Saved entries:
──────────────────────────────

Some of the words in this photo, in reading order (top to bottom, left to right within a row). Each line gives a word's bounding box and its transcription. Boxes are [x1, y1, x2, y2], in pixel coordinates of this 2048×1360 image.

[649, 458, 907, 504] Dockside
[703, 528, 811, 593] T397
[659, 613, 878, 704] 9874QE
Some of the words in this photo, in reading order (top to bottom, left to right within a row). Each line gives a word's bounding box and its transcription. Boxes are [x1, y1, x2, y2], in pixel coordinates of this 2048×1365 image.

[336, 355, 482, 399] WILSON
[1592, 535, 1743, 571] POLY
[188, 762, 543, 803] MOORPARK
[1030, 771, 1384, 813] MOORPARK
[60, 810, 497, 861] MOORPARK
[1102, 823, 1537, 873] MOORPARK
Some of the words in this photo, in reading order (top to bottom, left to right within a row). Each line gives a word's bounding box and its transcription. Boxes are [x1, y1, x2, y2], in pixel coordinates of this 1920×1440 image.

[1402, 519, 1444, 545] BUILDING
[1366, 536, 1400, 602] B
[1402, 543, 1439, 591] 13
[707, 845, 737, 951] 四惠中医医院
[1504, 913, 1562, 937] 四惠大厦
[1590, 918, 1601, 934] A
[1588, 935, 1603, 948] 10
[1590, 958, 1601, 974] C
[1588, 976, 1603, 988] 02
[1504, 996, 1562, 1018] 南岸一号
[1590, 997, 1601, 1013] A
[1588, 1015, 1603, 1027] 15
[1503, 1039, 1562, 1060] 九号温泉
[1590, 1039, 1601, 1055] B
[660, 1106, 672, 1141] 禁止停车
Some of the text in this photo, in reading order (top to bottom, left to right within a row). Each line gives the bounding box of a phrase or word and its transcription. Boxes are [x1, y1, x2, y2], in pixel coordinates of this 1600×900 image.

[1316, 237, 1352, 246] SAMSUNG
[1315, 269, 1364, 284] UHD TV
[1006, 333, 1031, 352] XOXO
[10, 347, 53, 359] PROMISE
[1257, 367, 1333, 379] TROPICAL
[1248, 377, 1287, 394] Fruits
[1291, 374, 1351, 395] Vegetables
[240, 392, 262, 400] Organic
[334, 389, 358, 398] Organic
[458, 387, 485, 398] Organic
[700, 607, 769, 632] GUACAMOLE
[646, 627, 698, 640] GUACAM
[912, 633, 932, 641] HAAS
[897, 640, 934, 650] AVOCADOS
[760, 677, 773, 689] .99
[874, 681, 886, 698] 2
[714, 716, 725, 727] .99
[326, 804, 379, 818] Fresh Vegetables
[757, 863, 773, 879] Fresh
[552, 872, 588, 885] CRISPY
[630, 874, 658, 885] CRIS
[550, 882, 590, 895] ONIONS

──────────────────────────────

» **TASK INSTRUCTIONS**
Write down every line of the data exactly as it appears above.

» **YOUR RESPONSE**
Some of the words in this photo, in reading order (top to bottom, left to right within a row). Each line gives a word's bounding box and its transcription. Boxes are [x1, y1, x2, y2], in pixel coordinates of this 2048×1360 image.

[649, 458, 907, 504] Dockside
[703, 528, 811, 593] T397
[659, 613, 878, 704] 9874QE
Some of the words in this photo, in reading order (top to bottom, left to right within a row). Each line gives a word's bounding box and its transcription. Boxes are [x1, y1, x2, y2], in pixel coordinates of this 2048×1365 image.

[336, 355, 482, 399] WILSON
[1592, 535, 1743, 571] POLY
[188, 762, 543, 803] MOORPARK
[1030, 771, 1384, 813] MOORPARK
[60, 810, 497, 861] MOORPARK
[1102, 823, 1537, 873] MOORPARK
Some of the words in this photo, in reading order (top to bottom, left to right within a row). Each line gives a word's bounding box and its transcription. Boxes are [x1, y1, x2, y2], in pixel coordinates of this 1920×1440 image.

[1402, 519, 1444, 545] BUILDING
[1366, 536, 1400, 602] B
[1402, 543, 1439, 591] 13
[707, 845, 737, 951] 四惠中医医院
[1504, 913, 1562, 937] 四惠大厦
[1590, 918, 1601, 934] A
[1588, 935, 1603, 948] 10
[1590, 958, 1601, 974] C
[1588, 976, 1603, 988] 02
[1504, 996, 1562, 1018] 南岸一号
[1590, 997, 1601, 1013] A
[1588, 1015, 1603, 1027] 15
[1503, 1039, 1562, 1060] 九号温泉
[1590, 1039, 1601, 1055] B
[660, 1106, 672, 1141] 禁止停车
Some of the text in this photo, in reading order (top to bottom, left to right within a row). Each line gives the bounding box of a phrase or word and its transcription. Boxes are [x1, y1, x2, y2], in pixel coordinates of this 1600×900 image.

[1316, 237, 1352, 246] SAMSUNG
[1315, 269, 1364, 284] UHD TV
[1006, 333, 1031, 352] XOXO
[10, 347, 53, 359] PROMISE
[1257, 367, 1333, 379] TROPICAL
[1248, 377, 1287, 394] Fruits
[1291, 374, 1351, 395] Vegetables
[240, 392, 262, 400] Organic
[334, 389, 358, 398] Organic
[458, 387, 485, 398] Organic
[700, 607, 769, 632] GUACAMOLE
[646, 627, 698, 640] GUACAM
[912, 633, 932, 641] HAAS
[897, 640, 934, 650] AVOCADOS
[760, 677, 773, 689] .99
[874, 681, 886, 698] 2
[714, 716, 725, 727] .99
[326, 804, 379, 818] Fresh Vegetables
[757, 863, 773, 879] Fresh
[552, 872, 588, 885] CRISPY
[630, 874, 658, 885] CRIS
[550, 882, 590, 895] ONIONS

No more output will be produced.